Aniden gözerlini açtı ne görmüştü ah kesinlikle az evvel izlediği filmin etkisinde kalmış olmalıydı ama o yüzü bir yerlerde gördüğüne emindi kızıl saçlı kadınla nerede denk gelmişti.

Kafasında deli sorular birazdan varacağı kentin üzerinde yaratacağı kasvet onu bir kafesin içindeymiş gibi sıkıyordu ayak ucuna duran çantasını aldı içinden telefonunu ve kulaklığını çıkardı bu kaybettiği belkide 30.kulaklık olabilirdi, değişimleri aslında çok çabuk kabullenemiyordu, hayatıyla alışkanlıkları ne kadar zıttı. Çantasını yokladı canı her sıkıldığında başvurduğu krakerlerini aradı ama neredeyse 24 saati bulacak uçak yolculuğu sırasında bitirmiş olmalıydı playlisten bir şarkı seçti arkasına yaslandı kemerini taktı birazdan bir zamanlar çok sevdiği doğup büyüdüğü kentte olacaktı.

14 yıl önce

Matematik sınavından çıkmanın rahatlığıyla tuvalete koştu bahar gelmiş havalar ısınmış okuldaki herkese yazın kıpırtısı bulaşmıştı, kızlardan birinin camın önünde tüttürdüğü sigarayı fark edince gitti kızın eldeki sigarayı aldı büyük bir nefes çekip dumanı üfledi şimdi rahatladığını biliyordu. Aynanın karşısında saçlarını düzeltti birkaç kızla sohbet etti tuvaletin çıkışında Esmerle karşılaştı.

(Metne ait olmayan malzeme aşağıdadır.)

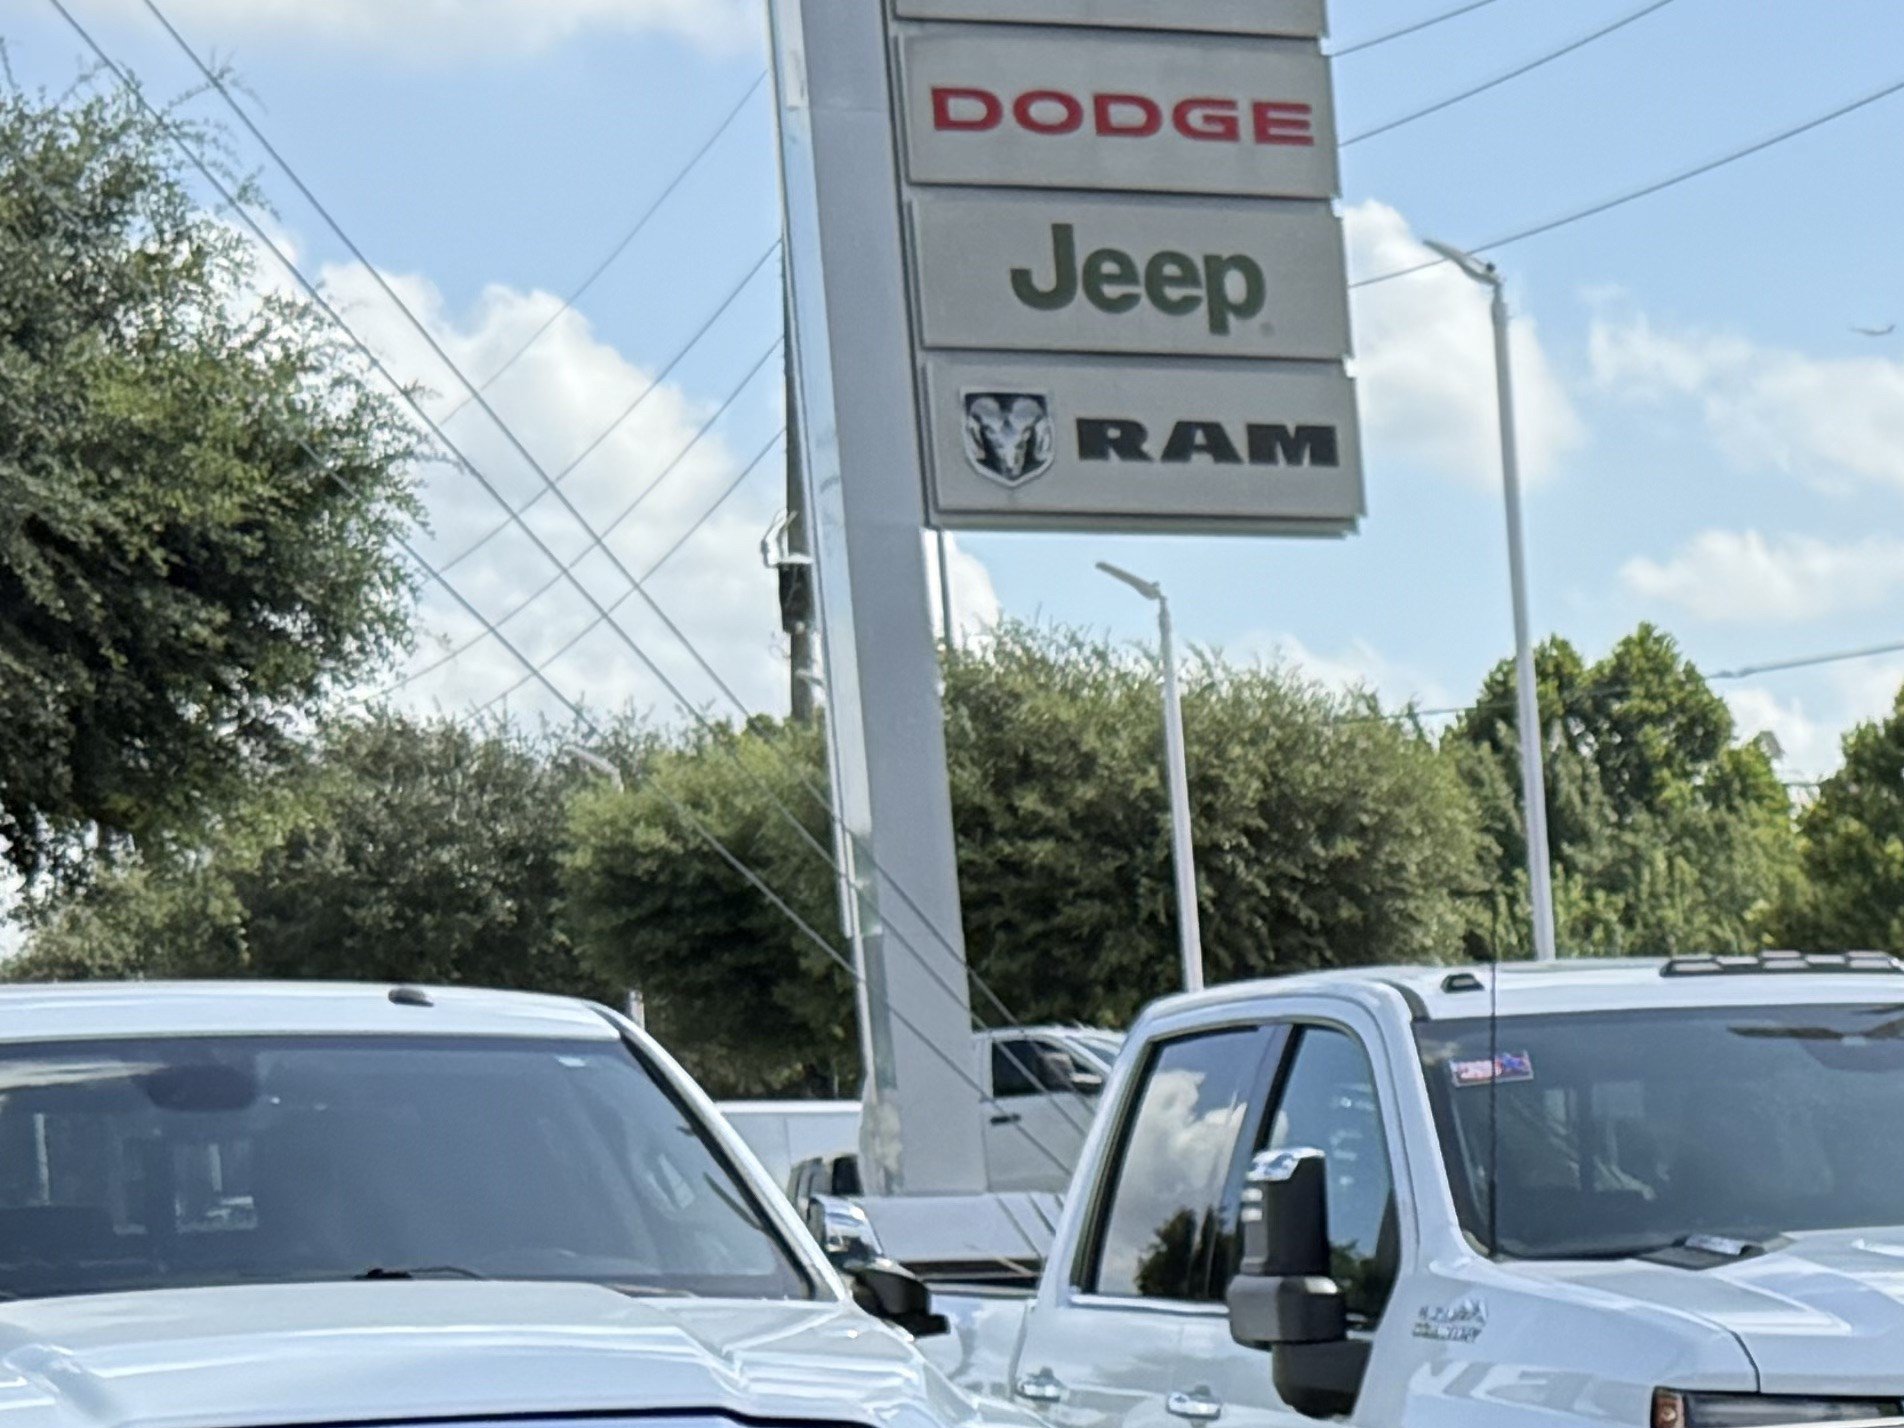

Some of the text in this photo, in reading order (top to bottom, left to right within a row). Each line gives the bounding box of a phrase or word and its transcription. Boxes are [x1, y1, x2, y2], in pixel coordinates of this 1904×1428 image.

"kızım o kadar kısa sürede nasıl oluyorda yapabiliyorsun soruları anlamak mümkün değil ben kesin çakacağım"

"saçını başını düşündüğün kadar keşke ders çalışsan Esmer"

"ne çalışacağım ya liseyi bitirebilirsem öpüp başıma koyacağım hem ben okumayacağım cicim istediğim zengin hayatı asla çalışarak elde edemeyeceğimi göre çalışmanın bir anlamadı yok"

Turna öfkeyle Esmer'e baktı "aptal saptal konuşma kızım o okul bitecek üniversiteye gidilecek"

Esmer elini yalancı bir şevkatle Turnanın yüzünde gezdirdi "ah turna kuşu, keşke sen de sermayenin farkında olsan ne kadar güzel bir kızsın aslında ama boşver senin sermayen aklın" aklın derken eliyle Turnanın kafasını işaret etmişti sonra kendi göğüslerini tuttu "benimkilerde bunlar"

Turna iyice kızmıştı onu kızdırmak için böyle konuştuğunu biliyordu ama bazen ölçüyü cidden kaçırıyordu onu duvara doğru itti

"ucuz kızlar gibi konuşmayı bırak artık esmer bir sene sonra mezunuz otur adam gibi ders çalış benim canımı sıkma"

Esmer Turna'nın korumacı tavrını bildiği için sesini çıkarmadı gülümsedi

"emredersin patron"

Diyip elinden kurtuldu,

"hadi ama çocuklar kapıda ağaç oldu bizi almaya gelmişlerdir sen in bende geliyorum "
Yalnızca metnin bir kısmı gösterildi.